The intent of the founding fathers of this nation and the prevailing "attitude" of the United States until recent has been a total eschewing of establishment or dynasty. As a matter of fact, the purpose of the founding fathers was to establish the government as the only establishment, the only enterprise to prevail and persist. The intent of the Declaration of Independence and the later Constitution of the United States was to throw out the institutions of Europe, to throw out the dynasties of monarchy and wealth or status, and to create an everlasting and persisting institution of the people (the government), to pass on to each subsequent generation the responsibility to maintain this institution and allow it to change with the ebb and flow of time. Such astounding proclamations of liberty have fueled change not only in our nation but all over the world, as we have time and time again, persisted in defining equality.
Our establishment of public welfare causes like free elementary education, inviting the poor and hungry of disparate nations to come to us and together build a better place, and supporting the fallen of our own by building them back up again after loss of job or other devastation, has been what many consider our greatest national asset. It is this altruism that fueled American innovation. The spirit of the American people, a culture cultivated by hundreds of years of collective good will, tolerance, and respect, was in fact the resounding factor in the victory of two world wars. It was because of this very culture that saw the triumph of good over evil that the many nations with whom we fought changed their own ways. At the end of the second World War, the peoples of Europe sought to model their societies on America, inspired by the resolve of our nation to create and maintain peace and prosperity.
The collective nation-states of the European Union (including the United Kingdom):
While it is important to recognize that the history of the member states far exceed that of the European Union, it is more important to recognize that the EU is and will likely forever be the reflection and adaptation to an American Constitutional representative government.
The member-states of the EU have all roots in early civilization, some that began from the Roman representative government, most starting with kings and queens ordained of their respective higher powers.
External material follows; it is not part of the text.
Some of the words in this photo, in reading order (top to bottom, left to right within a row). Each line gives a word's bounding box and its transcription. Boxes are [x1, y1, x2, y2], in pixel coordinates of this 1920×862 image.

Skipping forward a few millenia to the time of colonization in the new world, they were all governments of monarchies. Despotic leaders ruled the land and, when challenged, would ready armies of men even for petty motivations. The governments of these nations were, and still somewhat are, rife with institution and dynasties of wealth and status. One could not transcend their class in wealth or position other than downward. There was no form of public welfare, the sick were left to die, the hungry left to starve, and the weak to fend for themselves.
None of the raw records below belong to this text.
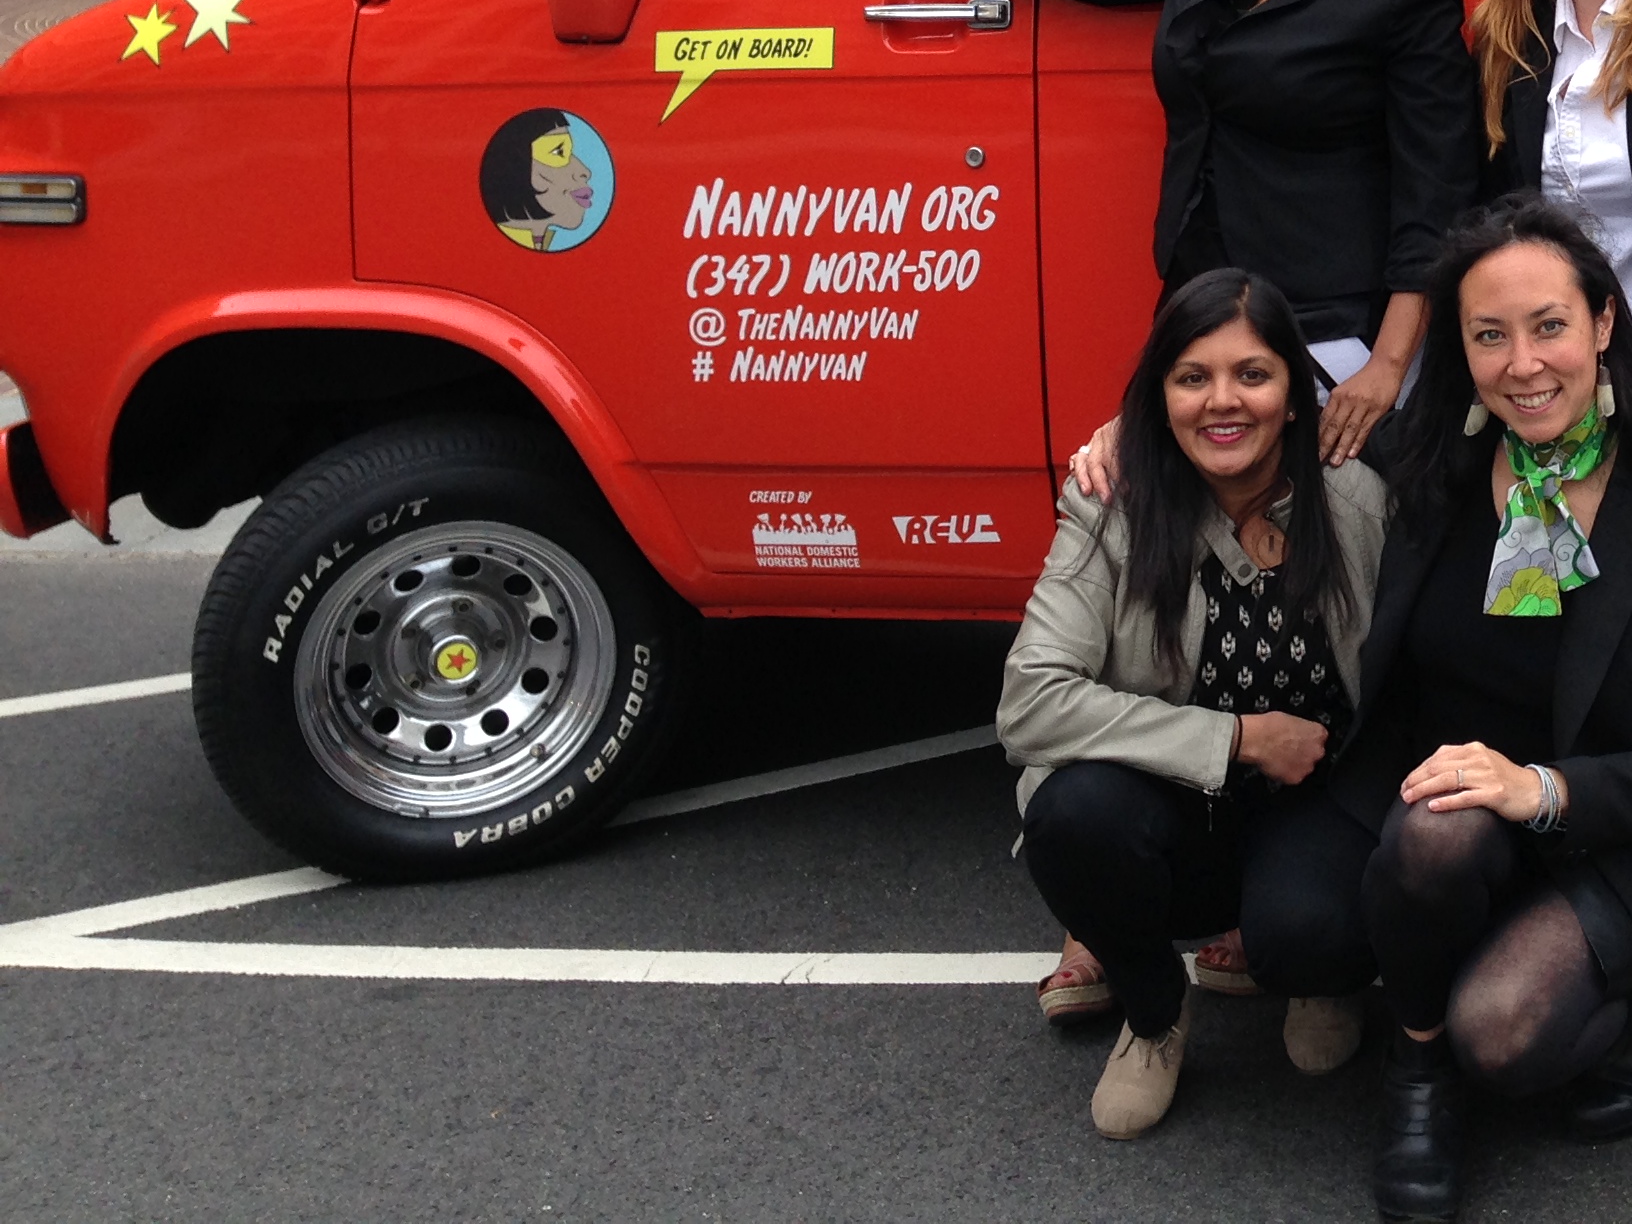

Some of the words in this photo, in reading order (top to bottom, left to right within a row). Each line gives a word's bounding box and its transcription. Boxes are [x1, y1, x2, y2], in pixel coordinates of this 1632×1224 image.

[674, 37, 712, 61] GET
[716, 37, 743, 60] ON
[748, 37, 813, 58] BOARD!
[683, 177, 912, 239] NANNYVAN
[921, 185, 999, 232] ORG
[686, 254, 790, 298] (347)
[803, 249, 980, 294] WORK-500
[738, 304, 919, 341] THENANNYVAN
[730, 346, 867, 382] NANNYVAN
[749, 490, 794, 503] CREATED
[797, 490, 812, 504] BY
[755, 546, 804, 556] NATIONAL
[807, 546, 859, 557] DOMESTIC
[757, 557, 808, 567] WORKERS
[811, 558, 861, 568] ALLIANCE
[263, 537, 356, 664] RADIAL
[367, 497, 430, 535] G/T
[584, 644, 652, 784] COOPER
[454, 785, 577, 850] COBRA
Leading up to the two world wars, America was scoffed at by these nations, seen as a lesser people, unguided by a higher power. America was seen as the nation with no history, no establishment, and certainly no position, even when America became the most wealthy nation.
After the two world wars, it became common sense that the positions of old would no longer do. Those nations (such as France) who had previously thrown out their crowned leaders were already on their way in developing public welfare so as to make better the standard of living for all. Those nations with monarchies either threw out the rule of a monarchy and wrote new constitutions, or demanded self determination from their kings and queens.
Tea partiers and Conservatives alike would have you believe that liberals are the ones progressing toward a European way of life, when in fact it is they who seek such status.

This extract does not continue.